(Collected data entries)
──────────────────────────────
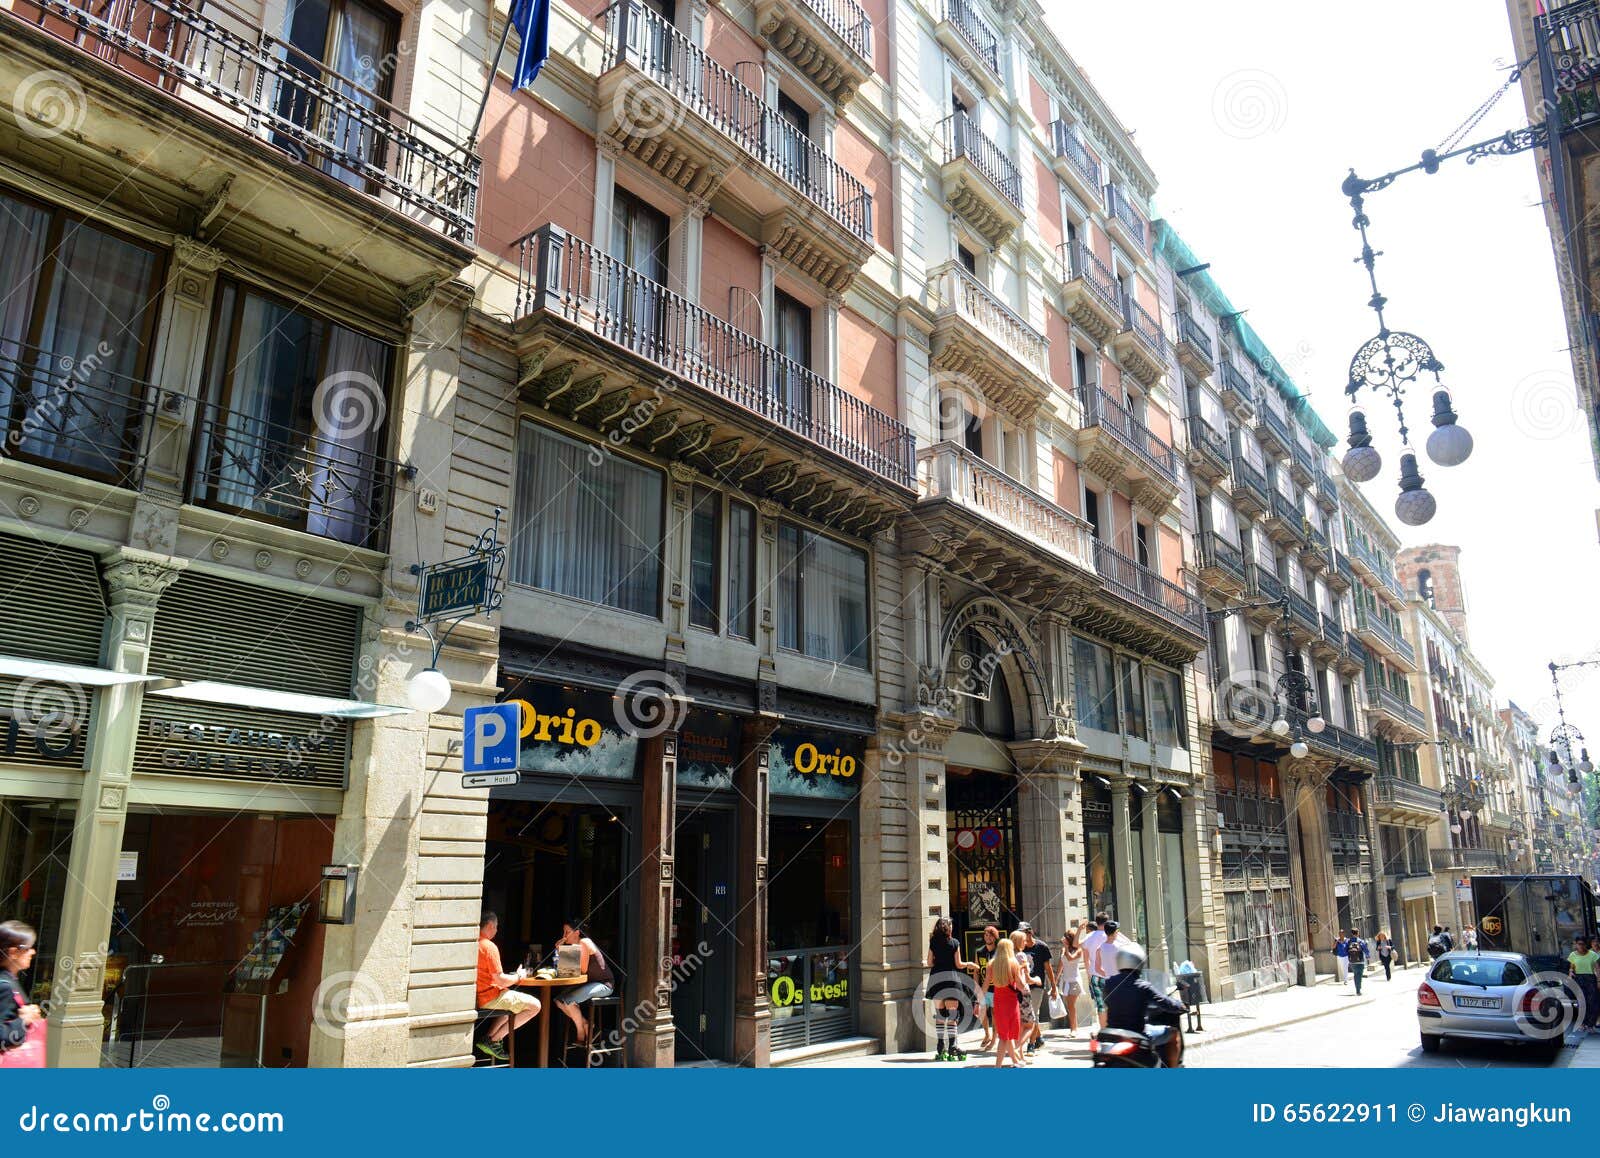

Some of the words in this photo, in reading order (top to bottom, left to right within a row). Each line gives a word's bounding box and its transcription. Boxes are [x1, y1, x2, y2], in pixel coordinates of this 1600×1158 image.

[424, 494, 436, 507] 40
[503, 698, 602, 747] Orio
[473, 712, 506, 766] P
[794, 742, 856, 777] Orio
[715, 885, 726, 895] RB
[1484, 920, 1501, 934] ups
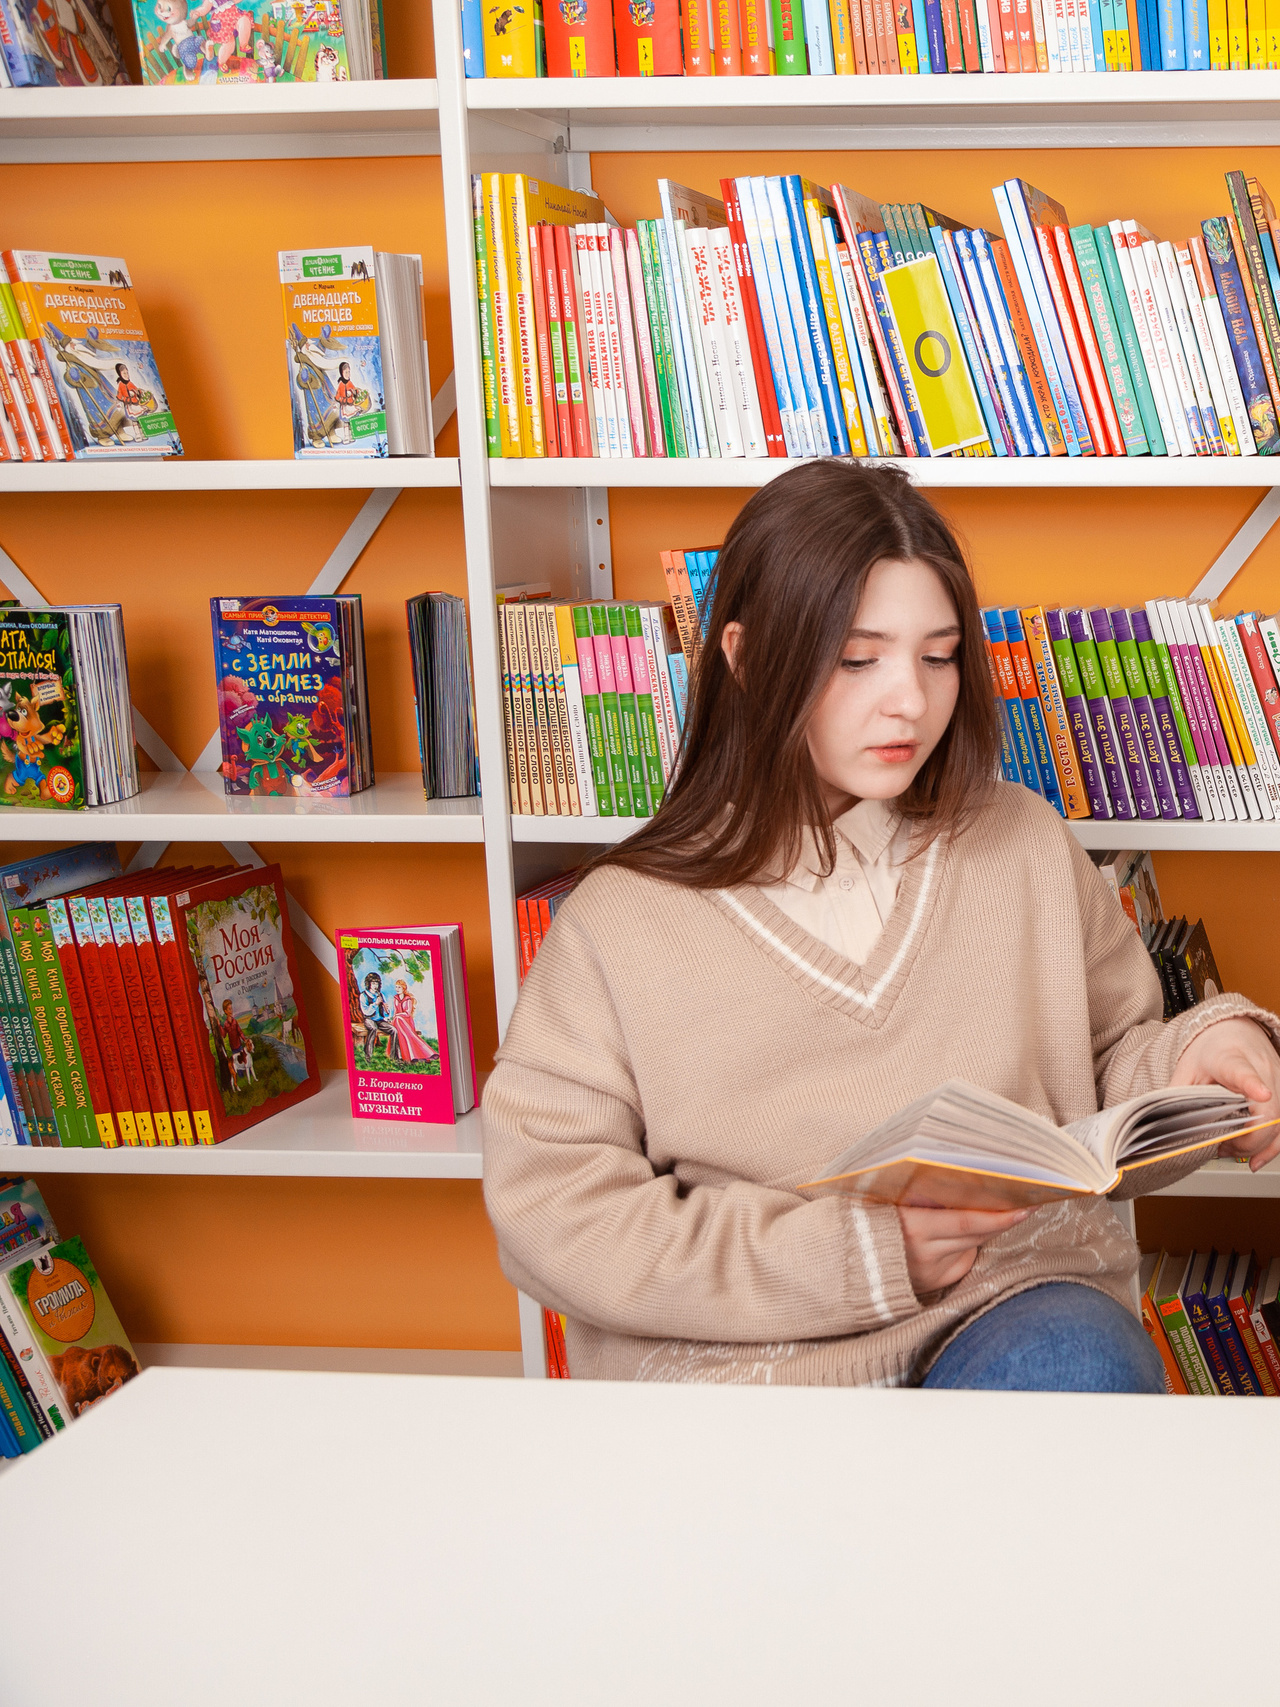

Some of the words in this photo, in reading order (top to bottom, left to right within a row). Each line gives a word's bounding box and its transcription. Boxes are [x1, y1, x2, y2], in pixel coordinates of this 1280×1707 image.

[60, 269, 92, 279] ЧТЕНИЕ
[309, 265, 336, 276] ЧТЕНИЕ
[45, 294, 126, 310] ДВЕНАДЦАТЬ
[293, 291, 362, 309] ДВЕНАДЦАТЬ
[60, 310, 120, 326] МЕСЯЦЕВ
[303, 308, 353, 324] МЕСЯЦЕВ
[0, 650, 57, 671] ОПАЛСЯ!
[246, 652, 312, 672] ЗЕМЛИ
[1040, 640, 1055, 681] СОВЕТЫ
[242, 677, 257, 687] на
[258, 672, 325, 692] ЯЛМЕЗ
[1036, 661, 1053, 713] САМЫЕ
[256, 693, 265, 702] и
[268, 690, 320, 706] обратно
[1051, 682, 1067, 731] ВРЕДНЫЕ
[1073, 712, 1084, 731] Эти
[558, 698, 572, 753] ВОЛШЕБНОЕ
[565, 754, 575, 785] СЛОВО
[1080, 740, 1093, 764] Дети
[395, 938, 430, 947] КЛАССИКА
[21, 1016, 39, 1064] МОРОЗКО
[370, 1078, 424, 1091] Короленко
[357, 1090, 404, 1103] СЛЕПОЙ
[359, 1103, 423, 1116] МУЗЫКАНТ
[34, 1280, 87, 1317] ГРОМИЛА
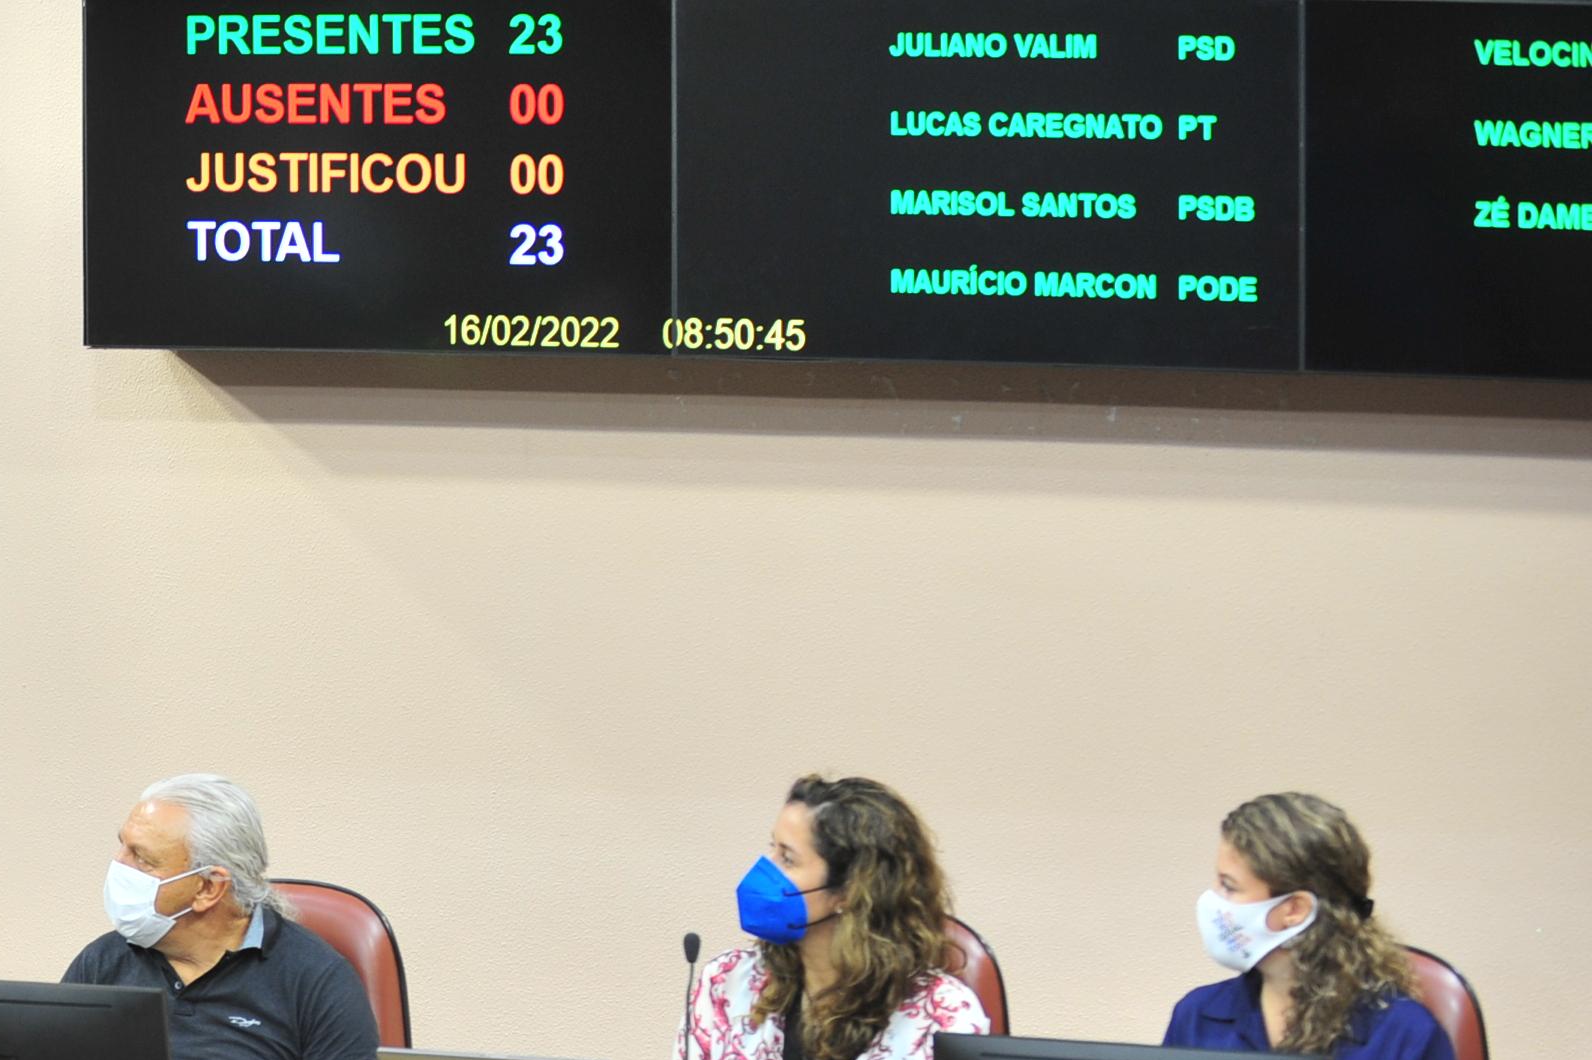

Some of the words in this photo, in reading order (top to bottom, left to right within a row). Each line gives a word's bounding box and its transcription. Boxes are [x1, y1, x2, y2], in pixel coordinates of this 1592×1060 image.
──────────────────────────────
-- Work instructions --
All records above should be duplicated exactly, with the pictures omitted.

-- Result --
Some of the words in this photo, in reading order (top to bottom, left to right within a row). Each line gives a word's bounding box and its transcription. Boxes are [x1, y1, x2, y2], in pixel coordinates of this 1600×1158 image.

[424, 494, 436, 507] 40
[503, 698, 602, 747] Orio
[473, 712, 506, 766] P
[794, 742, 856, 777] Orio
[715, 885, 726, 895] RB
[1484, 920, 1501, 934] ups

Some of the words in this photo, in reading order (top to bottom, left to right within a row). Each line gives a word's bounding box and its transcription. Boxes are [x1, y1, x2, y2], in pixel coordinates of this 1280×1707 image.

[60, 269, 92, 279] ЧТЕНИЕ
[309, 265, 336, 276] ЧТЕНИЕ
[45, 294, 126, 310] ДВЕНАДЦАТЬ
[293, 291, 362, 309] ДВЕНАДЦАТЬ
[60, 310, 120, 326] МЕСЯЦЕВ
[303, 308, 353, 324] МЕСЯЦЕВ
[0, 650, 57, 671] ОПАЛСЯ!
[246, 652, 312, 672] ЗЕМЛИ
[1040, 640, 1055, 681] СОВЕТЫ
[242, 677, 257, 687] на
[258, 672, 325, 692] ЯЛМЕЗ
[1036, 661, 1053, 713] САМЫЕ
[256, 693, 265, 702] и
[268, 690, 320, 706] обратно
[1051, 682, 1067, 731] ВРЕДНЫЕ
[1073, 712, 1084, 731] Эти
[558, 698, 572, 753] ВОЛШЕБНОЕ
[565, 754, 575, 785] СЛОВО
[1080, 740, 1093, 764] Дети
[395, 938, 430, 947] КЛАССИКА
[21, 1016, 39, 1064] МОРОЗКО
[370, 1078, 424, 1091] Короленко
[357, 1090, 404, 1103] СЛЕПОЙ
[359, 1103, 423, 1116] МУЗЫКАНТ
[34, 1280, 87, 1317] ГРОМИЛА

Some of the words in this photo, in reading order (top to bottom, left to right within a row). Each line gives a word's bounding box and its transcription. Boxes are [x1, y1, x2, y2], in pixel coordinates of this 1592×1060 image.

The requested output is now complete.